R/get_peaktable.R

Defines functions subset.peak_table row.names.peak_table dim.peak_table print.peak_table tail.peak_table head.peak_table get_peaktable

Documented in get_peaktable subset.peak_table

#' Convert peak list into an ordered peak table.
#' 
#' Returns a \code{peak_table} object. The first slot contains a matrix of
#' intensities, where rows correspond to samples and columns correspond to
#' aligned features. The rest of the slots contain various meta-data about peaks,
#' samples, and experimental settings. 
#' 
#' The function performs a complete linkage clustering of retention times across
#' all samples, and cuts at a height given by the user (which can be understood
#' as the maximal inter-cluster retention time difference) in the simple case
#' based on retention times. Clustering can also incorporate information about
#' spectral similarity using a distance function adapted from Broeckling et al.,
#' 2014:
#' \deqn{e^{-\frac{(1-c_{ij})^2}{2\sigma_r^2}} \cdot e^{-\frac{(1-(t_i-t_j)^2)}{2\sigma_t^2}}}
#' If two peaks from the same sample are assigned to the same cluster, a warning
#' message is printed to the console. These warnings can usually be ignored, but
#' one could also consider reducing the \code{hmax} variable. However, this may 
#' lead to splitting of peaks across multiple clusters. Another option is to
#' filter the peaks by intensity to remove small features.
#' 
#' @name get_peaktable
#' @aliases get_peaktable
#' @importFrom dynamicTreeCut cutreeDynamicTree
#' @importFrom fastcluster hclust
#' @importFrom stats dist cutree as.dist aggregate
#' @importFrom lattice panel.stripplot panel.abline stripplot
#' @importFrom grDevices colorRampPalette 
#' @importFrom scales rescale
#' @importFrom graphics par
#' @param peak_list A `peak_list` object created by \code{\link{get_peaks}},
#' containing a nested list of peak tables: the first level is the
#' sample, and the second level is the spectral wavelength. Every component is
#' described by a \code{data.frame} with a row for each peak and columns
#' containing information on various peak parameters.
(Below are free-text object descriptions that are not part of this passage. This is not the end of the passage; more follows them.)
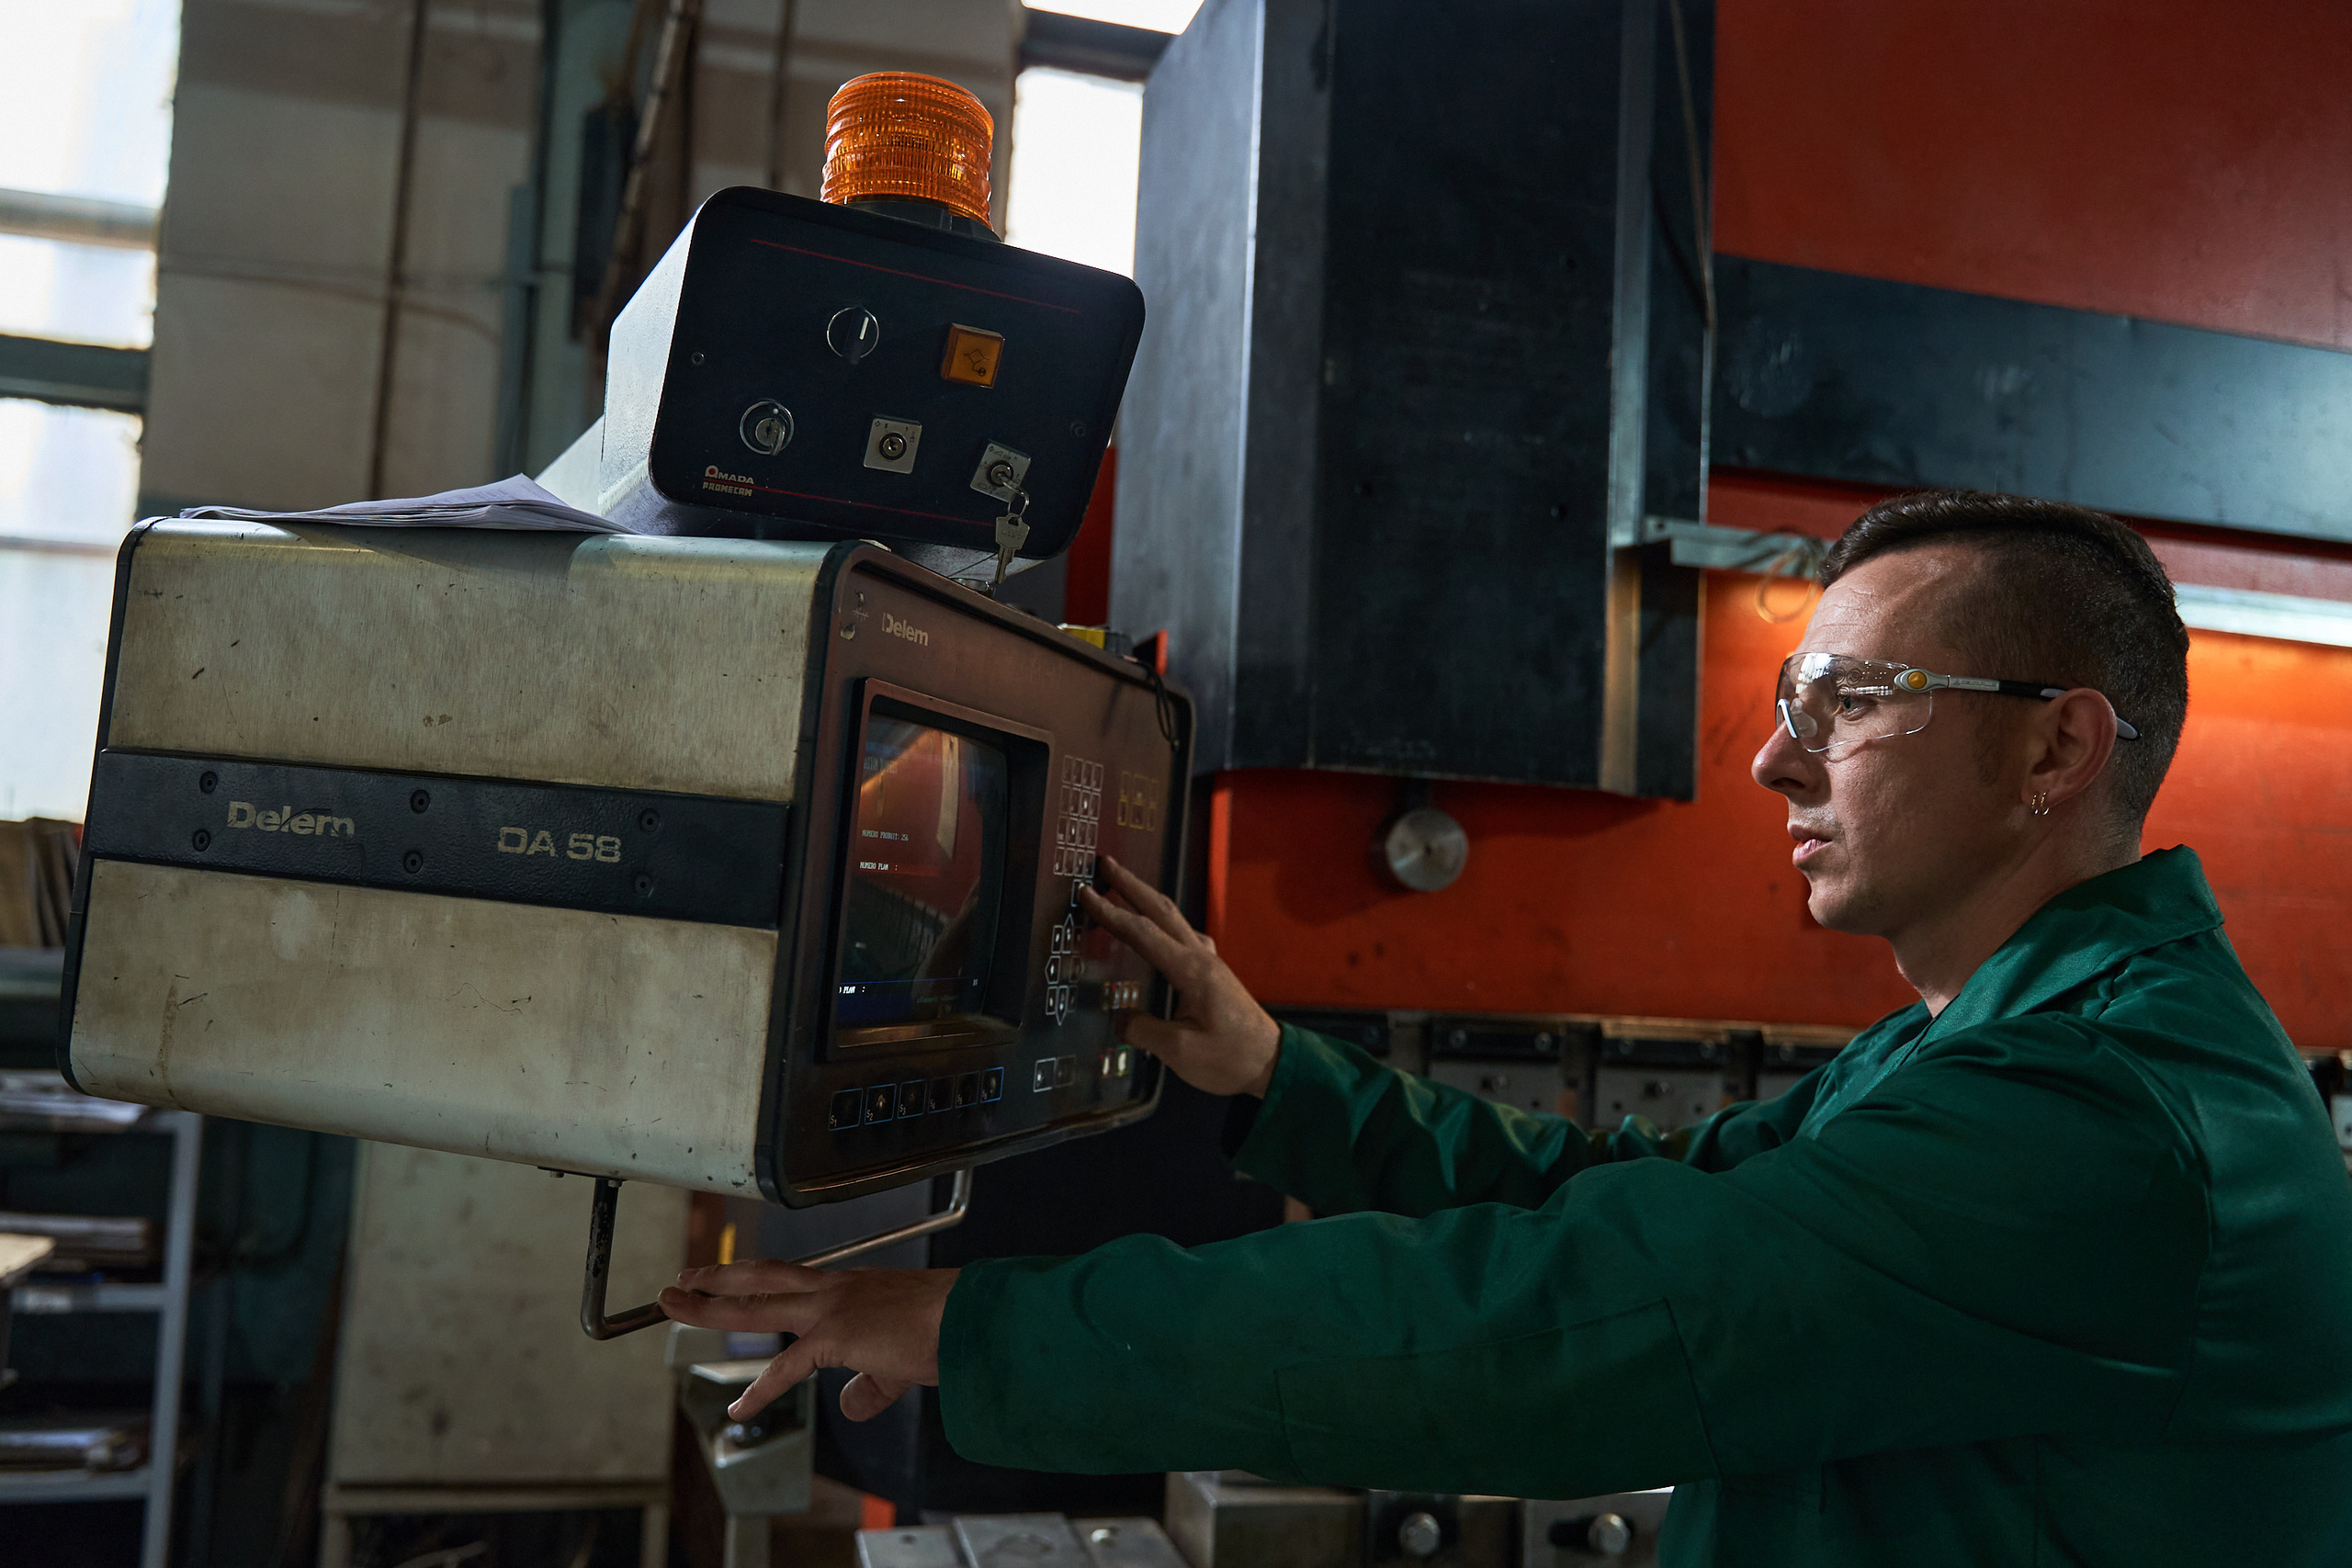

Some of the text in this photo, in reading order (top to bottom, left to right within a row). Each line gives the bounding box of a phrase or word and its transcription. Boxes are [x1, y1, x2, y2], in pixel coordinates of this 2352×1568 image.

[705, 465, 754, 485] AMADA
[702, 481, 753, 497] PROMECAM
[882, 612, 929, 647] Delem
[226, 800, 622, 863] Delem DA 58
[862, 829, 878, 838] NUMERO
[859, 862, 876, 870] NUMERO
[877, 863, 888, 871] PLAN
[842, 986, 855, 994] PLAN
[866, 1109, 874, 1122] S2
[899, 1103, 907, 1115] S3
[830, 1114, 837, 1127] S1
#' @param chrom_list A list of chromatographic matrices.
#' @param response Indicates whether peak area or peak height is to be used
#' as intensity measure. Defaults to `area` setting.
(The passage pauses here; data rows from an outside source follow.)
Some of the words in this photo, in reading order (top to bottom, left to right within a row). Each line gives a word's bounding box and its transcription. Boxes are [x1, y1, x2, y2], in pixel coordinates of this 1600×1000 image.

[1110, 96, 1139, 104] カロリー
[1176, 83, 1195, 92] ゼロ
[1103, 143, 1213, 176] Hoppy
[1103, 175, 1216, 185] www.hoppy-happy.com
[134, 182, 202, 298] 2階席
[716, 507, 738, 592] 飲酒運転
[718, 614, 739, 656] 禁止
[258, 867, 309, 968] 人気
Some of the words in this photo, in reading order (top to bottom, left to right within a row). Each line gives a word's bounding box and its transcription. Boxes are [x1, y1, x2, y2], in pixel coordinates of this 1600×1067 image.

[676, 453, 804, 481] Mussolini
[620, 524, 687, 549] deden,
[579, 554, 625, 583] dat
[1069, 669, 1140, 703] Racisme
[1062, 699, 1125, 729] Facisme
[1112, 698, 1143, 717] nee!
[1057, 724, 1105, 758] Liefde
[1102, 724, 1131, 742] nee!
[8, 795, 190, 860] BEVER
#' @param use.cor Logical. Indicates whether to use corrected retention times
#' (\code{rt.cor} column) or raw retention times (\code{rt} column). Unless
#' otherwise specified, the \code{rt.cor} column will be used by default if it 
#' exists in the provided \code{peak_list}.
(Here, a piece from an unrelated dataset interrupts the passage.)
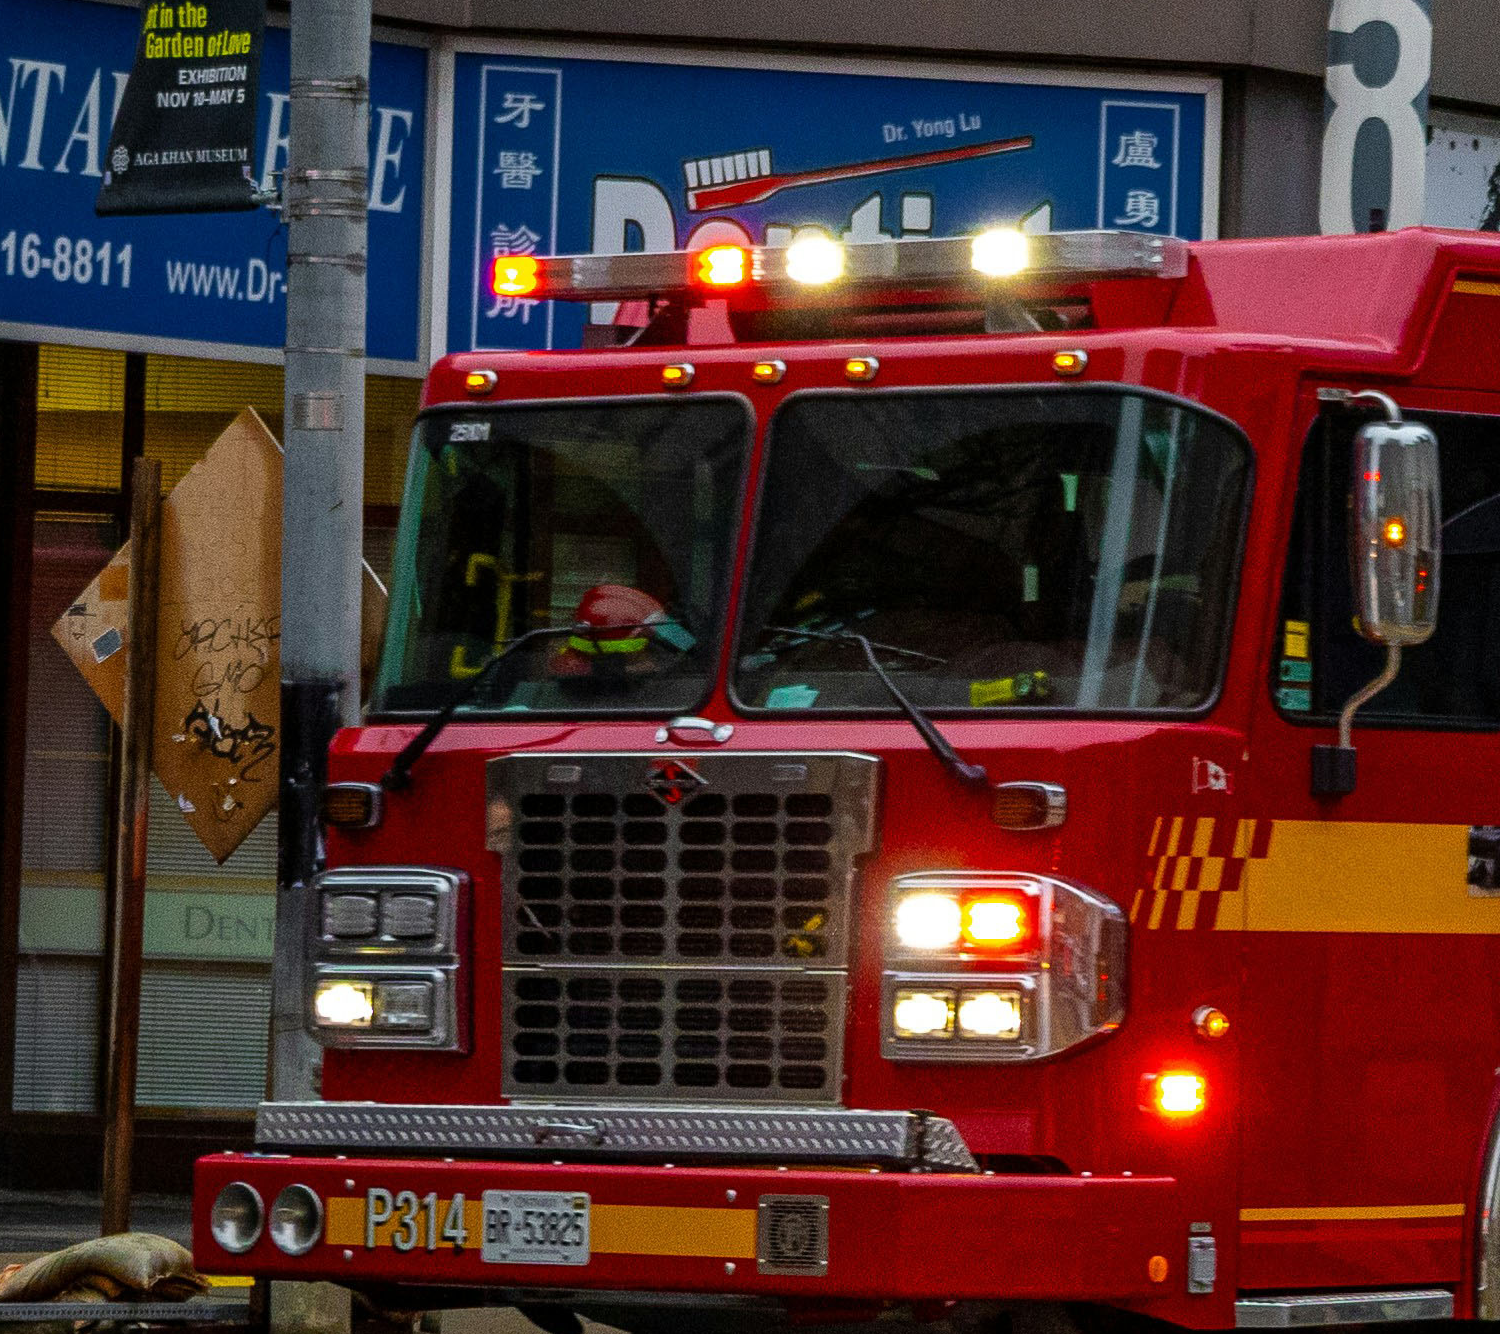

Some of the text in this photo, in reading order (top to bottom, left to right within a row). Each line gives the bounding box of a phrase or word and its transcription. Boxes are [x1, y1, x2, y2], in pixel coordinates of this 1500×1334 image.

#' @param hmax Height at which the complete linkage dendrogram will be cut. Can
#' be interpreted as the maximal intercluster retention time difference.
#' @param plot_it Logical. If \code{TRUE}, for every component a strip plot will be
#' shown indicating the clustering.
#' @param ask Logical. Ask before showing new plot? Defaults to \code{TRUE}.
#' @param clust Specify whether to perform hierarchical clustering based on
#' spectral similarity and retention time (\code{sp.rt}) or retention time alone
#' (\code{rt}). Defaults to \code{rt}. The \code{sp.rt} option is experimental
#' and should be used with caution.
#' @param sigma.t Width of gaussian in retention time distance function.
#' Controls weight given to retention time if \code{sp.rt} is selected.
#' @param sigma.r Width of gaussian in spectral similarity function. Controls
#' weight given to spectral correlation if \code{sp.rt} is selected.
#' @param deepSplit Logical. Controls sensitivity to cluster splitting. If
#' \code{TRUE}, function will return more smaller clusters. See documentation for
#' \code{\link[dynamicTreeCut]{cutreeDynamic}} for additional information.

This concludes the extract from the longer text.